Supplied material:
^^^^

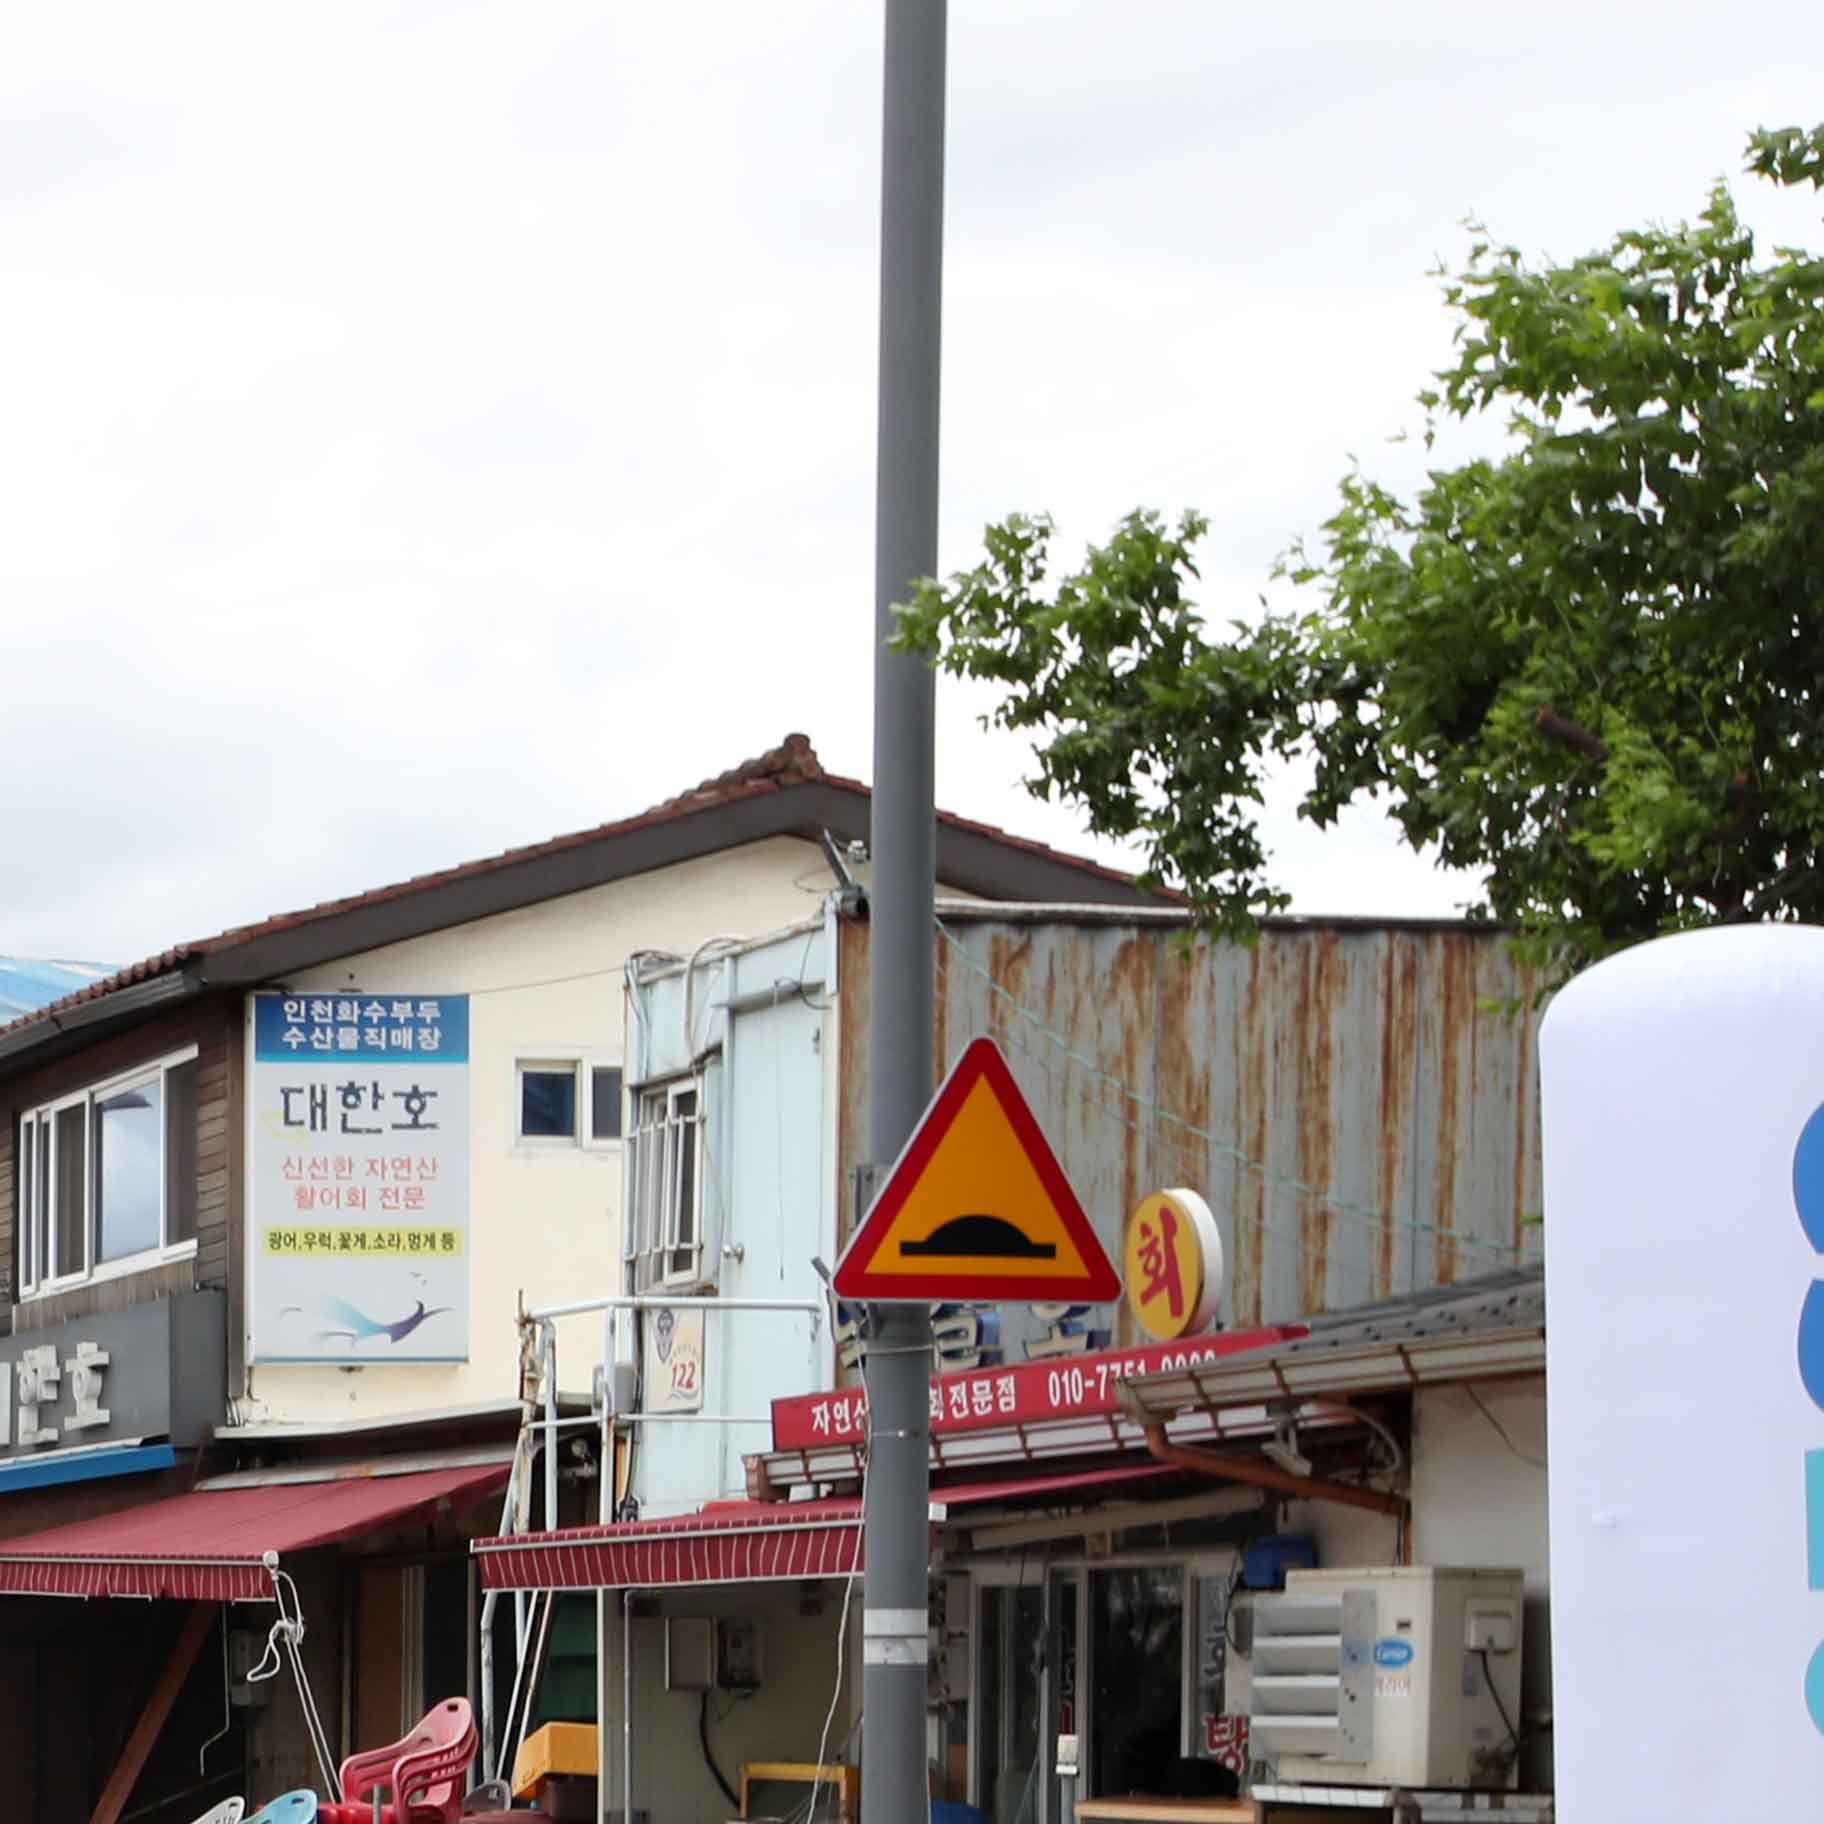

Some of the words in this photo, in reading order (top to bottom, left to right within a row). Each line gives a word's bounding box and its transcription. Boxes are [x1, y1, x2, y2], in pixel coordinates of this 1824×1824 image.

[282, 1000, 442, 1024] 인천화수부두
[282, 1026, 442, 1050] 수산물직매장
[280, 1080, 439, 1134] 대한호
[281, 1156, 354, 1181] 신선한
[366, 1156, 440, 1181] 자연산
[295, 1185, 368, 1211] 활어회
[379, 1186, 425, 1210] 전문
[441, 1232, 456, 1251] 등
[1138, 1204, 1185, 1319] 회
[672, 1360, 696, 1390] 122
[1204, 1716, 1249, 1775] 탕
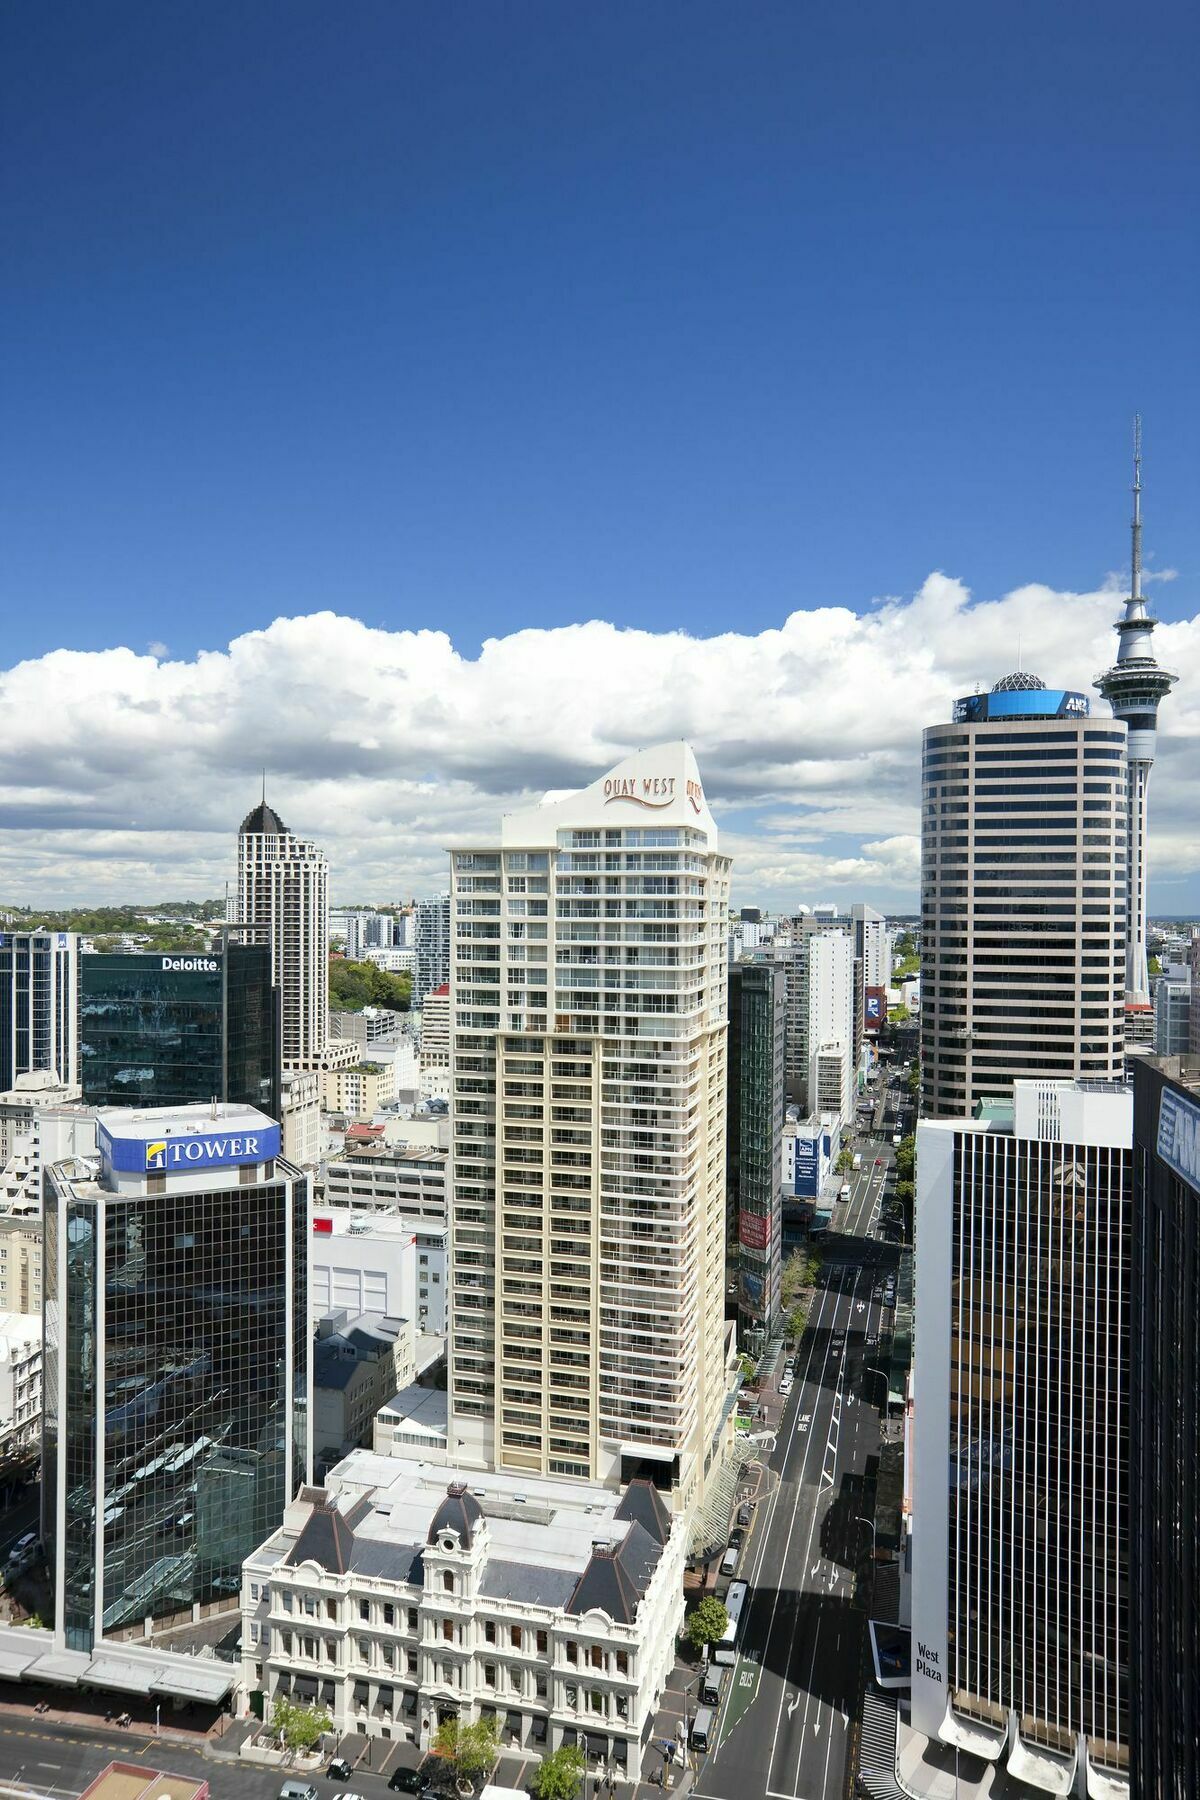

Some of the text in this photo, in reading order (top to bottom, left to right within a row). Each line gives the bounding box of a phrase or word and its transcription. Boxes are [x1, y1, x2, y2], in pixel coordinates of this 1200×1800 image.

[604, 779, 636, 796] QUAY
[643, 778, 675, 794] WEST
[162, 957, 221, 971] Deloitte.
[867, 998, 878, 1008] P
[168, 1137, 260, 1162] TOWER
[798, 1414, 812, 1423] LANE
[797, 1423, 808, 1432] BUS
[917, 1642, 939, 1664] West
[739, 1670, 755, 1687] BUS
[916, 1658, 942, 1683] Plaza
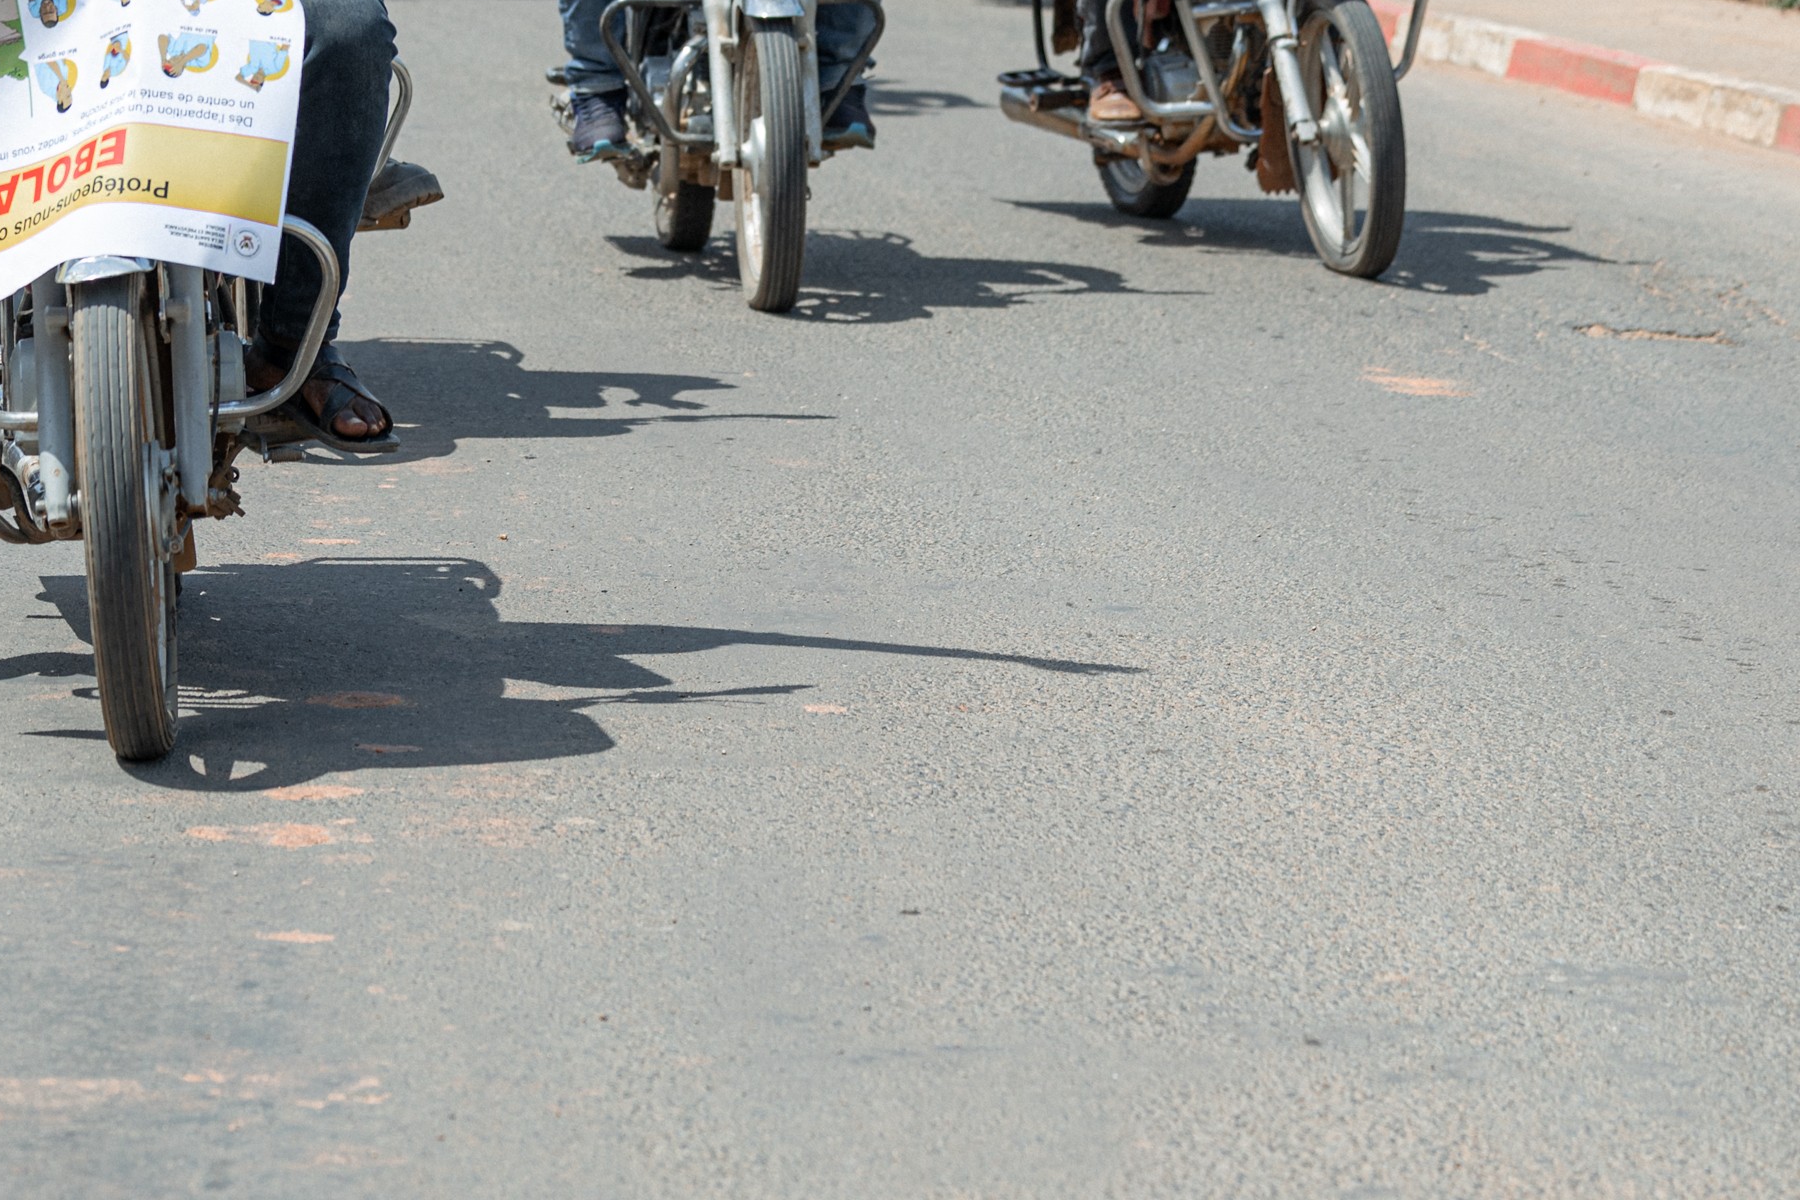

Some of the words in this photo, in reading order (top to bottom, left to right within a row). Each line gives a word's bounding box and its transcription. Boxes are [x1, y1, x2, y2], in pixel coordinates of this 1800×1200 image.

[37, 51, 57, 61] gorge
[140, 88, 174, 104] santé
[177, 93, 193, 106] de
[197, 95, 235, 108] centre
[128, 103, 154, 114] d'un
[239, 100, 255, 110] un
[157, 106, 225, 123] l'apparition
[229, 114, 253, 128] Dès
[38, 134, 68, 150] rendez
[12, 145, 35, 159] vous
[14, 175, 169, 236] Protégeons-nous
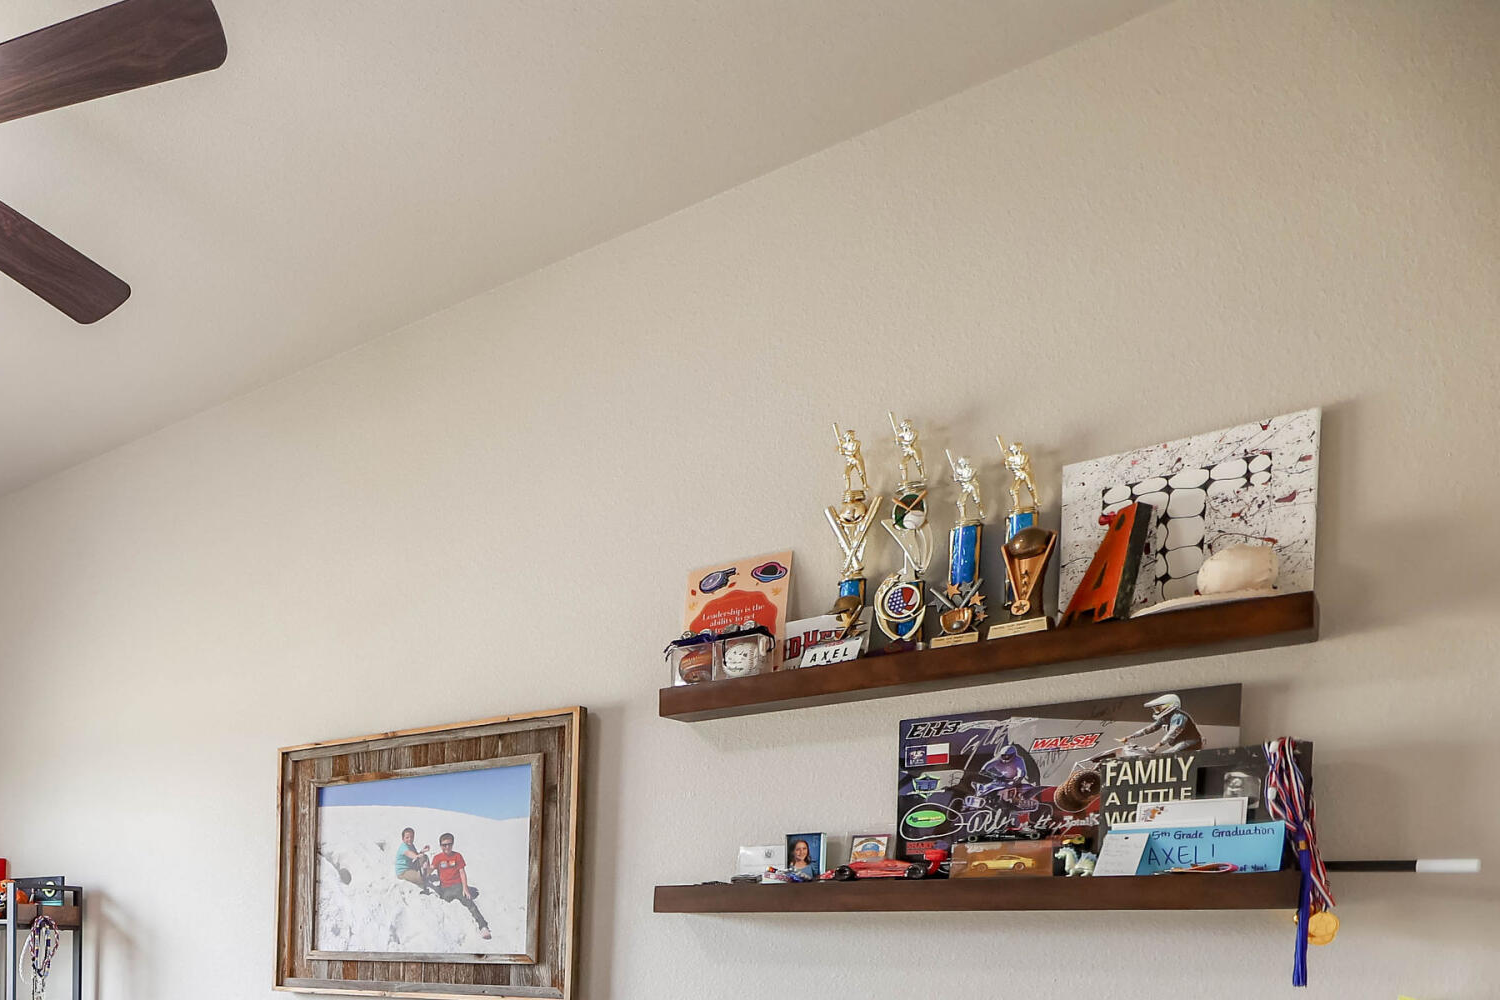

^^^^

Aim of the task: Every line above is to be duplicated exactly; no picture should be carried over.

Task response:
Some of the words in this photo, in reading order (top to bottom, left to right within a row). Each line gives a word's bounding box and its transcription. Boxes are [x1, y1, x2, y2], in pixel coordinates of this 1824×1824 image.

[282, 1000, 442, 1024] 인천화수부두
[282, 1026, 442, 1050] 수산물직매장
[280, 1080, 439, 1134] 대한호
[281, 1156, 354, 1181] 신선한
[366, 1156, 440, 1181] 자연산
[295, 1185, 368, 1211] 활어회
[379, 1186, 425, 1210] 전문
[441, 1232, 456, 1251] 등
[1138, 1204, 1185, 1319] 회
[672, 1360, 696, 1390] 122
[1204, 1716, 1249, 1775] 탕

Some of the text in this photo, in reading order (top to bottom, left to right within a row). Each line gives the bounding box of a phrase or word and its transcription. Boxes are [x1, y1, x2, y2], in pixel coordinates of this 1200×1800 image.

[604, 779, 636, 796] QUAY
[643, 778, 675, 794] WEST
[162, 957, 221, 971] Deloitte.
[867, 998, 878, 1008] P
[168, 1137, 260, 1162] TOWER
[798, 1414, 812, 1423] LANE
[797, 1423, 808, 1432] BUS
[917, 1642, 939, 1664] West
[739, 1670, 755, 1687] BUS
[916, 1658, 942, 1683] Plaza

Some of the words in this photo, in reading order (top to bottom, left to right within a row). Each line gives a word's bounding box and its transcription. Boxes are [x1, y1, x2, y2], in pixel coordinates of this 1800×1200 image.

[37, 51, 57, 61] gorge
[140, 88, 174, 104] santé
[177, 93, 193, 106] de
[197, 95, 235, 108] centre
[128, 103, 154, 114] d'un
[239, 100, 255, 110] un
[157, 106, 225, 123] l'apparition
[229, 114, 253, 128] Dès
[38, 134, 68, 150] rendez
[12, 145, 35, 159] vous
[14, 175, 169, 236] Protégeons-nous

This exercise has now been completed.